Karin - 2
“Ah… ah… ugh… Tuan♥”
Karin yang sudah telanjang di pelukanku terus mendesah manja.
Di luar jendela, matahari pagi baru saja terbit.

Karin - 2
“Ah… ah… ugh… Tuan♥”
Karin yang sudah telanjang di pelukanku terus mendesah manja.
Di luar jendela, matahari pagi baru saja terbit.
Setelah seharian penuh bergelut di ranjang, seprai sudah berantakan oleh campuran sperma dan cairan cintanya.
Ini sudah cukup.
Berkat “usaha” tanpa henti itu, dia sekarang benar-benar patuh padaku.
“Ah… ah… ah…♥”
Tubuhnya masih bergetar pelan.
Sudah tak terhitung berapa kali dia klimaks.
Tapi kepitan vaginanya tetap tak kendur, malah membuatku kembali menyemprot di dalamnya.
“Haa… ah…”
Kutarik penisku dari Karin yang masih terengah-engah.
Begitu “sumbat” itu lepas, sperma yang memenuhi rahimnya langsung mengalir deras ke seprai.
Gulp—
Perutku yang lapar langsung berbunyi keras.
Baru sadar, sejak datang ke sini aku cuma makan sepotong daging kering.
Setelah kenikmatan orgasme reda, Karin menarik napas panjang dan menatapku.
Tatapannya bukan lagi waspada…
Melainkan penuh kasih sayang.
Semua kerja kerasku terbayar.
“Aku buatkan makan ya?”
Nada Karin jauh lebih lembut dan manja dibanding saat pertama kali bertemu.
“Kalau kamu mau, aku senang banget.”
Saat dia bangun dari ranjang, gravitasi membuat sperma yang masih tersisa mengalir deras.
Sperma putih yang mengucur dari vagina pinknya jatuh perlahan ke lantai.
Adakah pemandangan yang lebih cabul dari ini?
Aku mengikuti Karin ke lantai satu, meninggalkan jejak pertarungan sengit di belakang.
Sambil Karin menyiapkan makanan, aku duduk di kursi dan menunggu.
“Mau sup coke?”
“Apa saja boleh, secukupnya.”
Lagian aku juga nggak tahu masakan dunia lain seperti apa.
Tapi karena namanya ada kata “sup”, seharusnya bisa dimakan.
Kurasa Karin juga jago masak.
Karin memakai celemek lalu mulai memasak.
Celemek di atas tubuh telanjang.
Kombinasi yang bisa bikin pria mana saja langsung tegang.
Walau sudah berhubungan sepuasnya, penisku tetap berdiri tegak.
“Kalau kurang, bilang ya.”
Semangkuk sup segera tersaji di meja.
Satu di depanku, satu lagi di depan kursi seberang.
Begitu Karin hendak duduk, aku langsung menarik mangkuknya ke arahku.
Dia memandangku bingung.
“Kurang ya?”
“Bukan.
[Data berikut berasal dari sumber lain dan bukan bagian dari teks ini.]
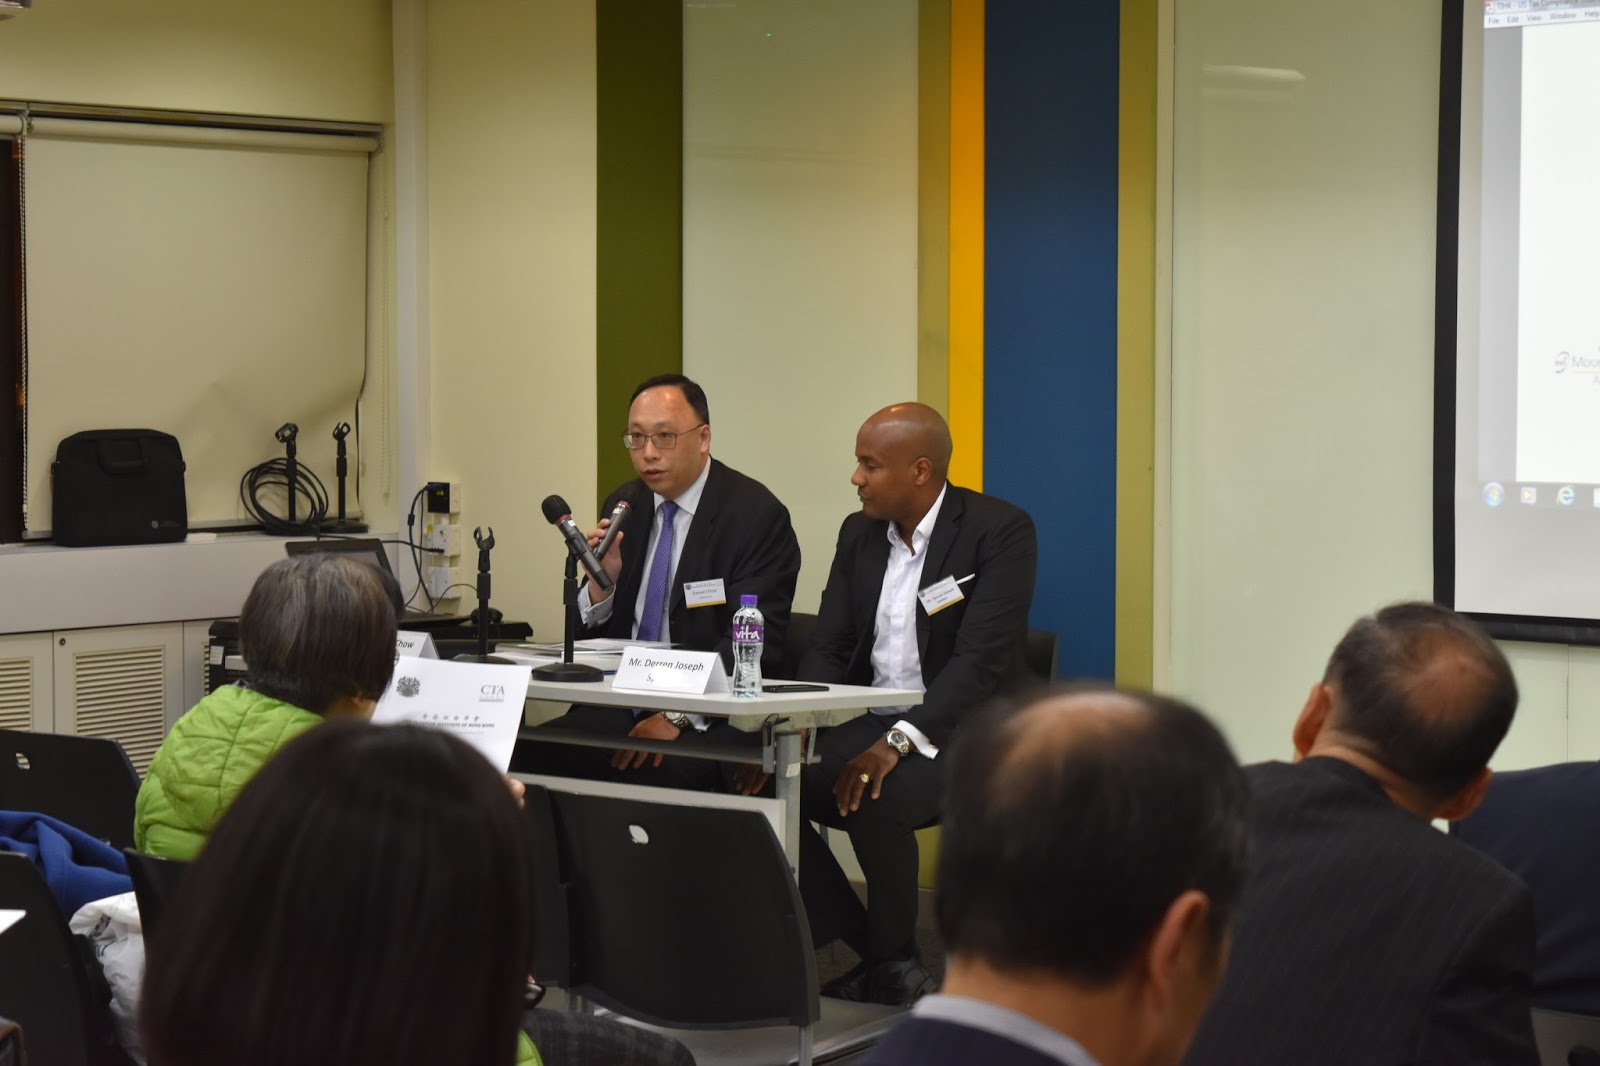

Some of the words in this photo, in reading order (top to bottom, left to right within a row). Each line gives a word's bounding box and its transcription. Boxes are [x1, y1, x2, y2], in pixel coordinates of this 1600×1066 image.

[1585, 10, 1600, 18] Help
[735, 624, 760, 640] vita
[628, 658, 642, 667] Mr.
[644, 658, 673, 669] Derren
[675, 661, 704, 672] Joseph
[480, 684, 505, 695] CTA
Bukannya di sini tempatmu duduk?”
Karin langsung merona, lalu pelan-pelan mendekat.
Dia sudah melihat penisku yang menegang ke langit-langit, lalu dengan hati-hati menempelkan vaginanya ke ujungnya.
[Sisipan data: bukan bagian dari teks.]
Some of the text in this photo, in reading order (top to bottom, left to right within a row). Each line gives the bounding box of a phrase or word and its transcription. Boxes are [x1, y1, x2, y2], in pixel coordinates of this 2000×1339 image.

Aku suka sekali cara dia patuh walau malu-malu.
Karin perlahan menurunkan pinggulnya, mencoba memasukkan kepala penisku.
“Ugh…”
Rasa nikmat yang menjalar.
Beda dengan saat aku yang menggempur.
Kenikmatan yang lembut, menggelitik, dan manis.
Karin terus menurunkan tubuhnya, tapi aku langsung menarik pinggangnya ke bawah sekaligus.
“Ah…!”
Penisku tersedot habis ke dalam tubuhnya, memberikan kenikmatan maksimal.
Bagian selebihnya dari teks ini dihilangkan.